[Referring expression grounding data]
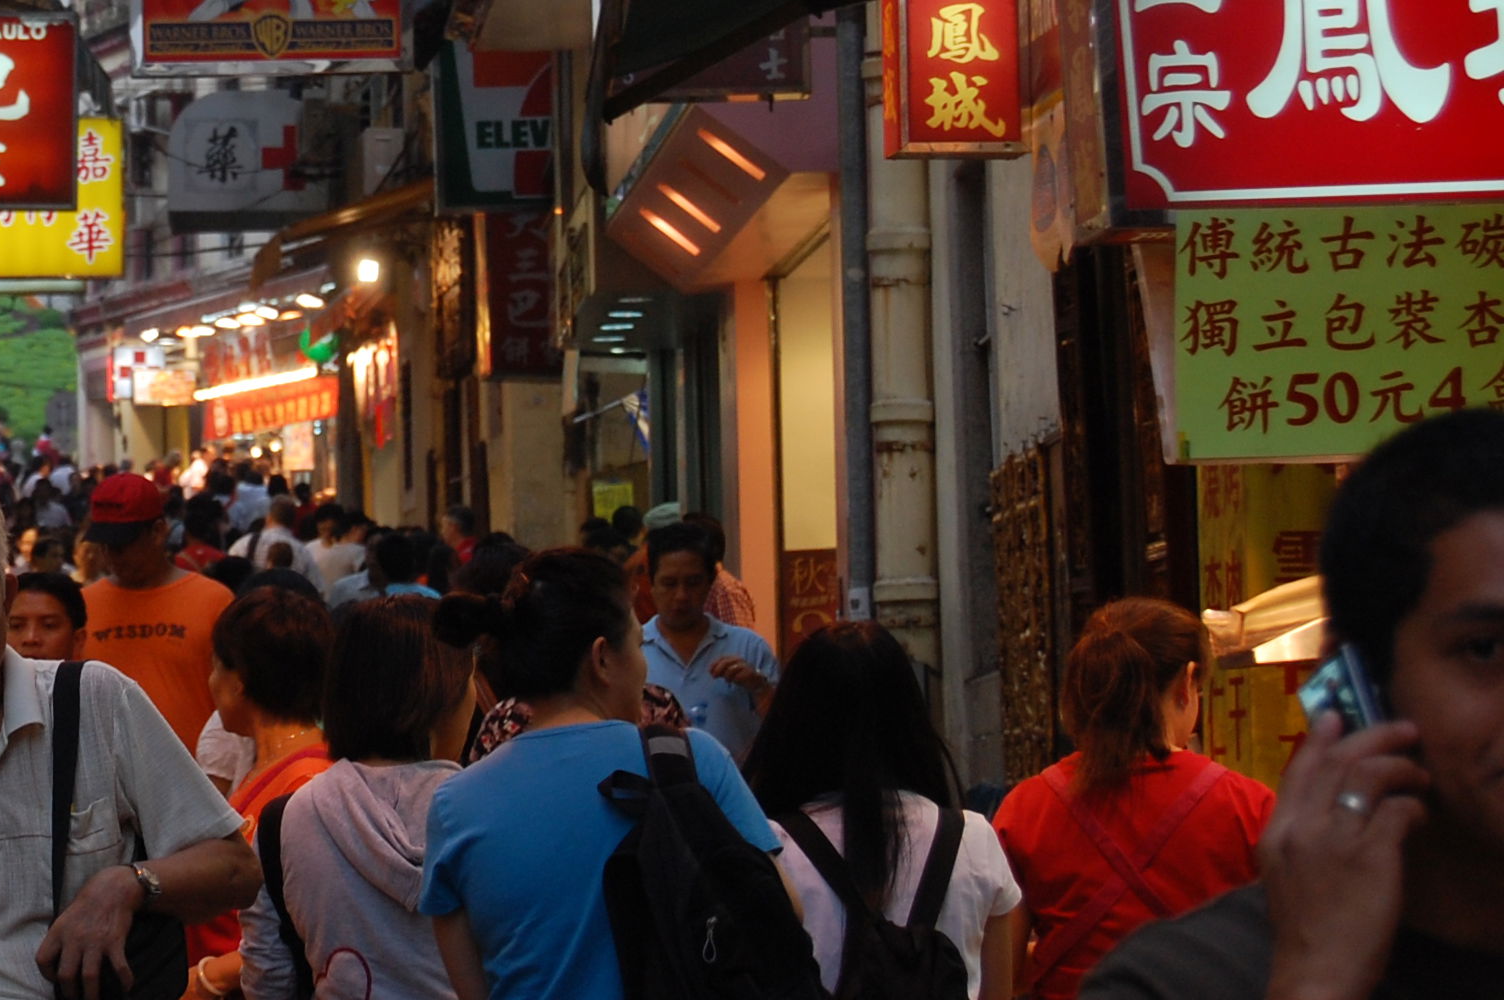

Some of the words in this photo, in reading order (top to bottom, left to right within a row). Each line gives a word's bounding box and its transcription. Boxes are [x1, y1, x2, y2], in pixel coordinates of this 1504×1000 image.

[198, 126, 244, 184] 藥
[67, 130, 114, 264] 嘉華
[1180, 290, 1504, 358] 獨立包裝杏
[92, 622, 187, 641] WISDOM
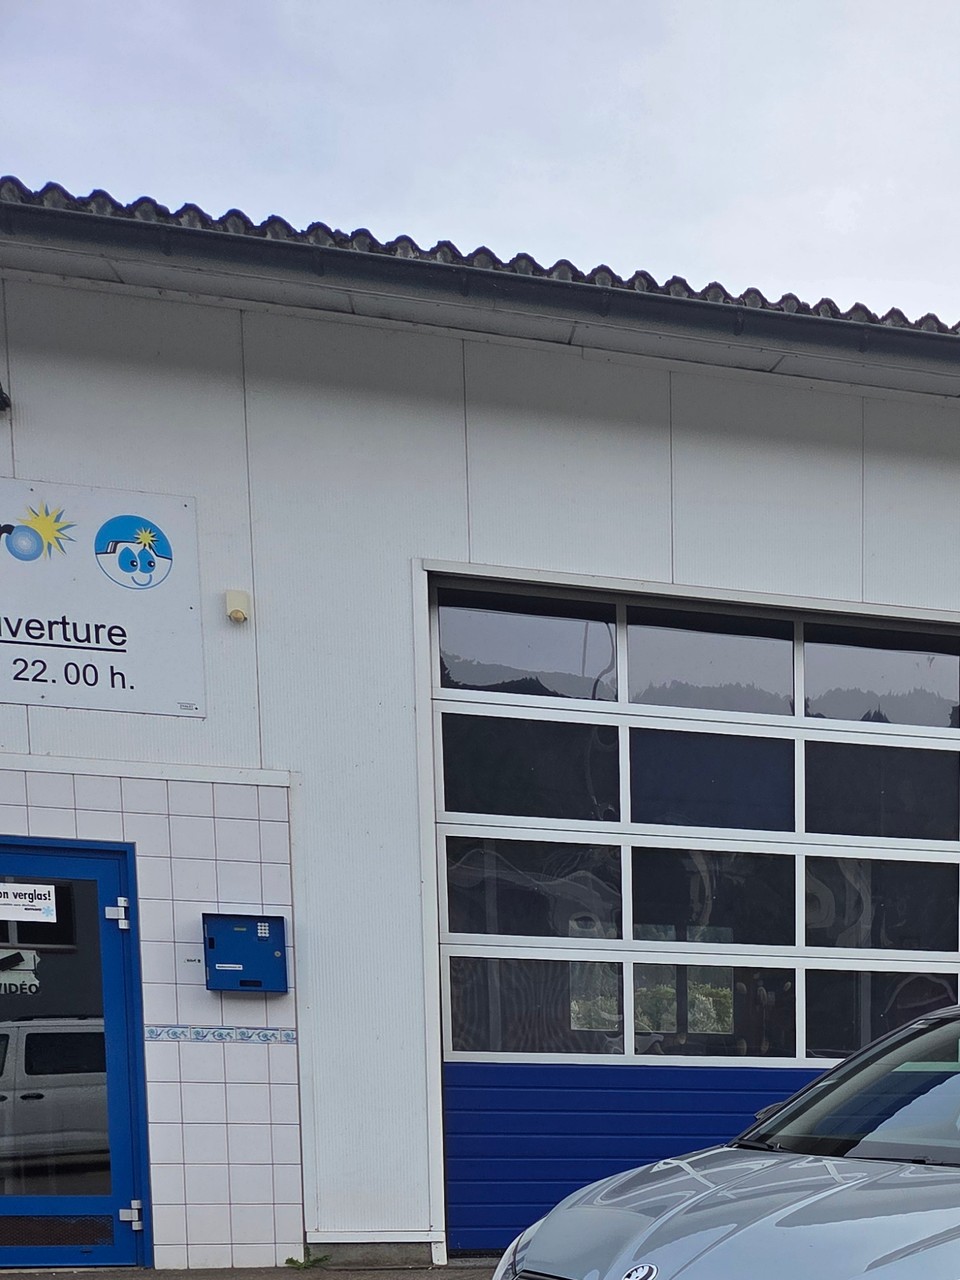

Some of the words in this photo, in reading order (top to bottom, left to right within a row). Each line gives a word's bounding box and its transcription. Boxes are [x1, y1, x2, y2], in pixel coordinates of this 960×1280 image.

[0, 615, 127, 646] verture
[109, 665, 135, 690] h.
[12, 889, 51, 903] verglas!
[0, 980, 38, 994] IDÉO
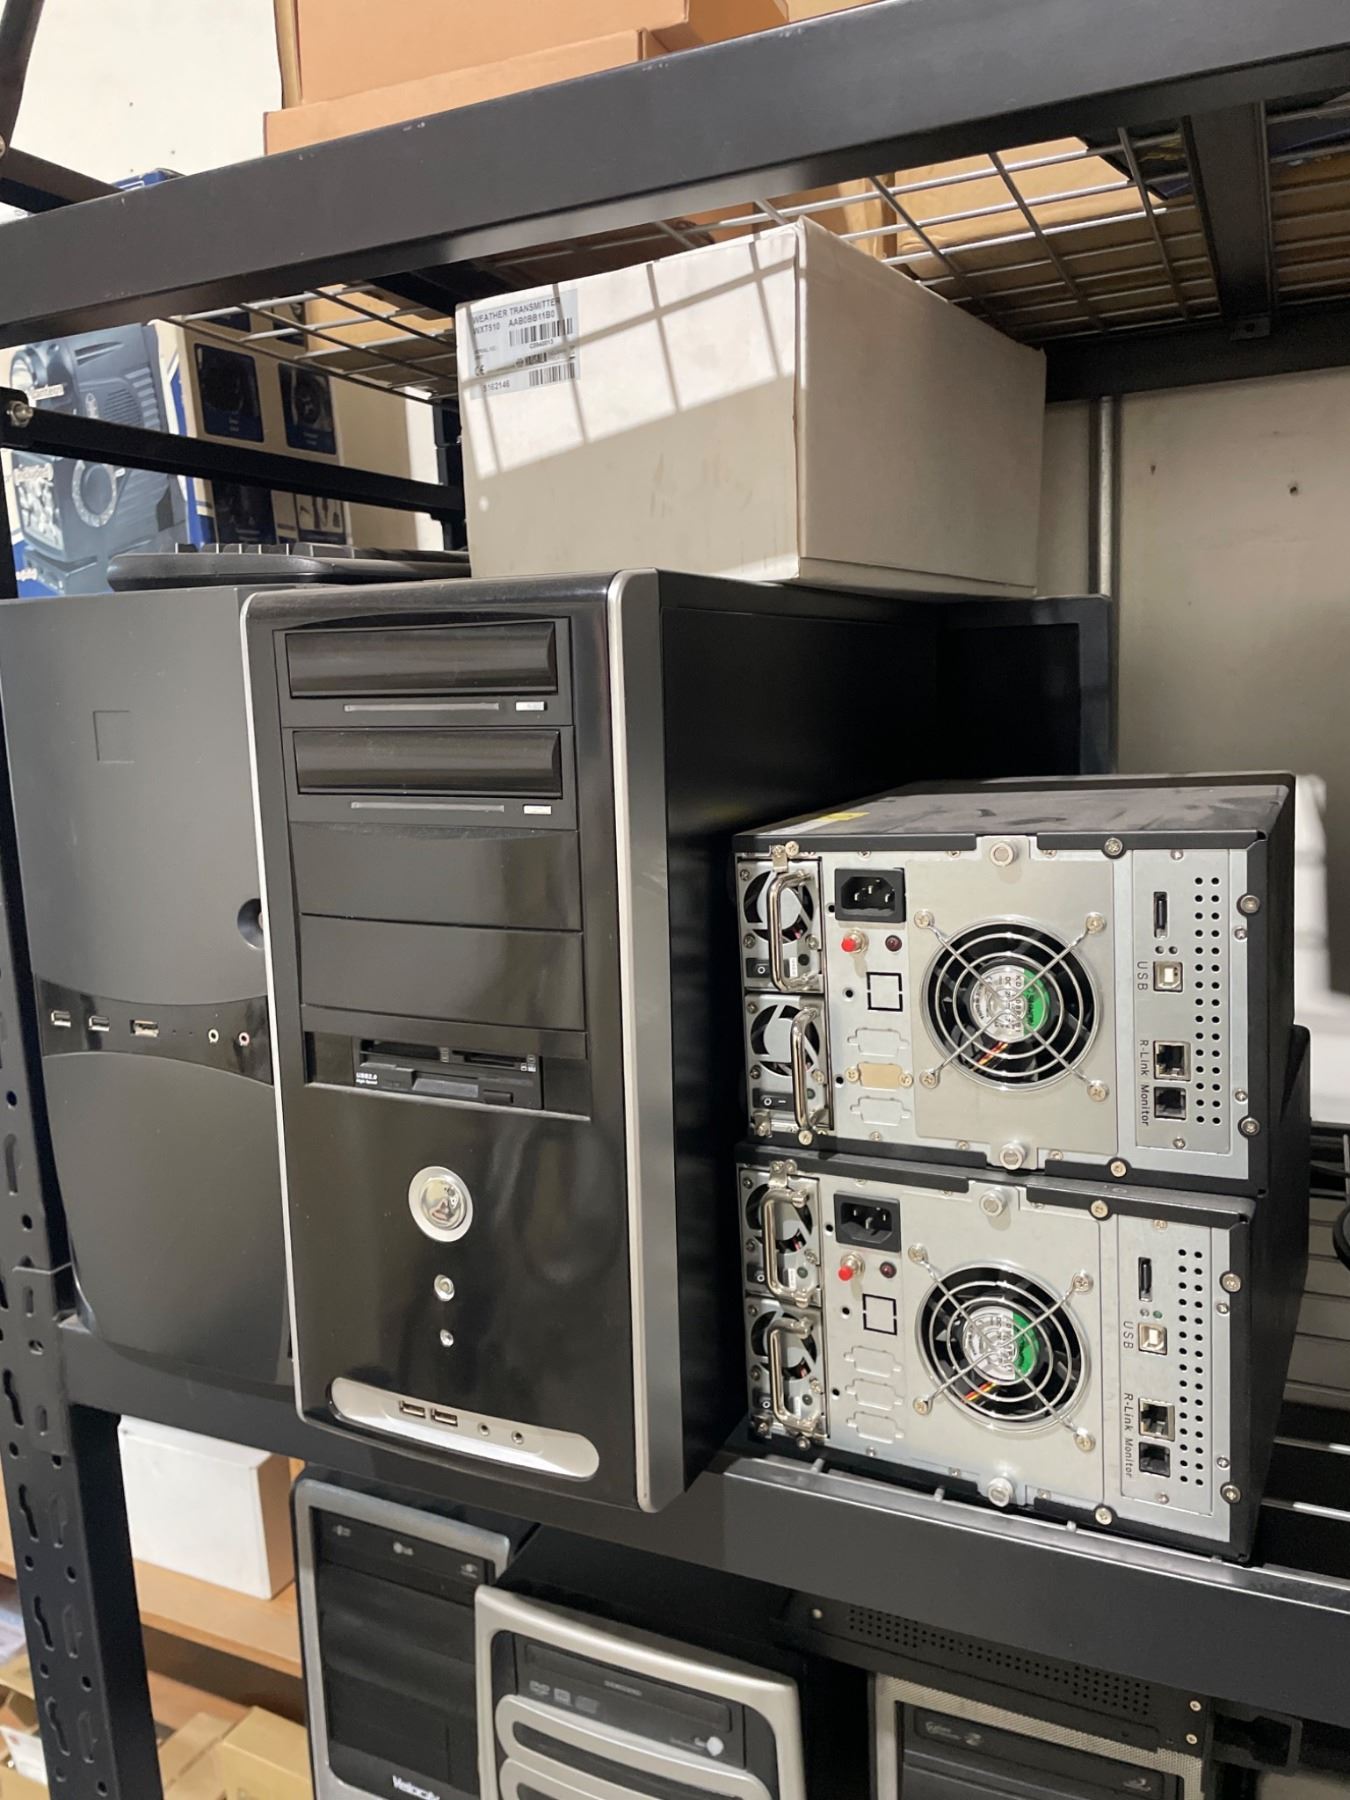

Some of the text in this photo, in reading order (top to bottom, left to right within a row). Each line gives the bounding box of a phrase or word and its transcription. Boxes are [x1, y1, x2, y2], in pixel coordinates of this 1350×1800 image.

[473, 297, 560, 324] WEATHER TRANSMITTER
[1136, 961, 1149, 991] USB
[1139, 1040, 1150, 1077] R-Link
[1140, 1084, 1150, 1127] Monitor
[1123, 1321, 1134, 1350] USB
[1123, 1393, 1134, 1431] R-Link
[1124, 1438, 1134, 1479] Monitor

■ Task objective ■
Please repeat the lines above exactly, beginning with the line that contains "Some of the text" and ending with the final one.

■ Answer to the exercise ■
Some of the text in this photo, in reading order (top to bottom, left to right within a row). Each line gives the bounding box of a phrase or word and its transcription. Boxes are [x1, y1, x2, y2], in pixel coordinates of this 1350×1800 image.

[473, 297, 560, 324] WEATHER TRANSMITTER
[1136, 961, 1149, 991] USB
[1139, 1040, 1150, 1077] R-Link
[1140, 1084, 1150, 1127] Monitor
[1123, 1321, 1134, 1350] USB
[1123, 1393, 1134, 1431] R-Link
[1124, 1438, 1134, 1479] Monitor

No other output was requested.